● HOW TO COMPLETE THIS TASK: Please return each of the entries below exactly as they appear.

● INFORMATION PROVIDED:
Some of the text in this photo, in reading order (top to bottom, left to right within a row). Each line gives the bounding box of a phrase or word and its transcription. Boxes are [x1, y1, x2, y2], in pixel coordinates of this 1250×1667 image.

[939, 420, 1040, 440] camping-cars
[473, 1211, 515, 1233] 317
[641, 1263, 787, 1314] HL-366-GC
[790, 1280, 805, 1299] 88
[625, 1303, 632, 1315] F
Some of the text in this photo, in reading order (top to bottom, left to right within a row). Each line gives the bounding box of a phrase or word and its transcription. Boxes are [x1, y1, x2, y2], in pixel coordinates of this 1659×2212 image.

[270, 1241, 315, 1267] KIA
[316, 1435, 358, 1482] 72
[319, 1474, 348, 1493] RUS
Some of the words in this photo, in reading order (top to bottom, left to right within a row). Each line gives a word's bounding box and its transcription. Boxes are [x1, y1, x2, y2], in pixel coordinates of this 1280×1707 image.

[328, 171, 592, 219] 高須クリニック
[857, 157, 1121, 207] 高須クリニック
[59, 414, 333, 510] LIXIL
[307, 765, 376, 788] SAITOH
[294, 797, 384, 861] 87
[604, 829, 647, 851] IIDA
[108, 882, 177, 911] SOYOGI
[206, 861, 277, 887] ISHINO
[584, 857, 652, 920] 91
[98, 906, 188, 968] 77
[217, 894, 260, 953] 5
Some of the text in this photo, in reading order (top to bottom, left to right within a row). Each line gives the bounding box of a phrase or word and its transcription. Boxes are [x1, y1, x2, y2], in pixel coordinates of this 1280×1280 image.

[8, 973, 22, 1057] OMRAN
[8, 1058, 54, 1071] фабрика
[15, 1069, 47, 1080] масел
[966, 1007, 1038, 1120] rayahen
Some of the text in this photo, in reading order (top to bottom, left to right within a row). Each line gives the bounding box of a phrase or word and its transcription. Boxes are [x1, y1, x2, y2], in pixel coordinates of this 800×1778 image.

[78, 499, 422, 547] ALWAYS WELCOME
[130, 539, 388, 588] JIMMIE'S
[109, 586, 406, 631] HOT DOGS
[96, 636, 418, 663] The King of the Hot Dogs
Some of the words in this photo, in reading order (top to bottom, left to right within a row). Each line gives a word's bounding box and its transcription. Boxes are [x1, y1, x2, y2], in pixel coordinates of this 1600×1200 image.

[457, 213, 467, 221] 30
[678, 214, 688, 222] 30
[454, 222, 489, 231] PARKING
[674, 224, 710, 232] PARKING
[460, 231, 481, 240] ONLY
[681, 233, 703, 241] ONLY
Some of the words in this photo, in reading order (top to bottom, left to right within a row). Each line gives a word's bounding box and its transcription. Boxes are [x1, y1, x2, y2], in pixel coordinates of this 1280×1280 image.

● WORKED SOLUTION:
Some of the text in this photo, in reading order (top to bottom, left to right within a row). Each line gives the bounding box of a phrase or word and its transcription. Boxes are [x1, y1, x2, y2], in pixel coordinates of this 1250×1667 image.

[939, 420, 1040, 440] camping-cars
[473, 1211, 515, 1233] 317
[641, 1263, 787, 1314] HL-366-GC
[790, 1280, 805, 1299] 88
[625, 1303, 632, 1315] F
Some of the text in this photo, in reading order (top to bottom, left to right within a row). Each line gives the bounding box of a phrase or word and its transcription. Boxes are [x1, y1, x2, y2], in pixel coordinates of this 1659×2212 image.

[270, 1241, 315, 1267] KIA
[316, 1435, 358, 1482] 72
[319, 1474, 348, 1493] RUS
Some of the words in this photo, in reading order (top to bottom, left to right within a row). Each line gives a word's bounding box and its transcription. Boxes are [x1, y1, x2, y2], in pixel coordinates of this 1280×1707 image.

[328, 171, 592, 219] 高須クリニック
[857, 157, 1121, 207] 高須クリニック
[59, 414, 333, 510] LIXIL
[307, 765, 376, 788] SAITOH
[294, 797, 384, 861] 87
[604, 829, 647, 851] IIDA
[108, 882, 177, 911] SOYOGI
[206, 861, 277, 887] ISHINO
[584, 857, 652, 920] 91
[98, 906, 188, 968] 77
[217, 894, 260, 953] 5
Some of the text in this photo, in reading order (top to bottom, left to right within a row). Each line gives the bounding box of a phrase or word and its transcription. Boxes are [x1, y1, x2, y2], in pixel coordinates of this 1280×1280 image.

[8, 973, 22, 1057] OMRAN
[8, 1058, 54, 1071] фабрика
[15, 1069, 47, 1080] масел
[966, 1007, 1038, 1120] rayahen
Some of the text in this photo, in reading order (top to bottom, left to right within a row). Each line gives the bounding box of a phrase or word and its transcription. Boxes are [x1, y1, x2, y2], in pixel coordinates of this 800×1778 image.

[78, 499, 422, 547] ALWAYS WELCOME
[130, 539, 388, 588] JIMMIE'S
[109, 586, 406, 631] HOT DOGS
[96, 636, 418, 663] The King of the Hot Dogs
Some of the words in this photo, in reading order (top to bottom, left to right within a row). Each line gives a word's bounding box and its transcription. Boxes are [x1, y1, x2, y2], in pixel coordinates of this 1600×1200 image.

[457, 213, 467, 221] 30
[678, 214, 688, 222] 30
[454, 222, 489, 231] PARKING
[674, 224, 710, 232] PARKING
[460, 231, 481, 240] ONLY
[681, 233, 703, 241] ONLY
Some of the words in this photo, in reading order (top to bottom, left to right within a row). Each line gives a word's bounding box and its transcription. Boxes are [x1, y1, x2, y2], in pixel coordinates of this 1280×1280 image.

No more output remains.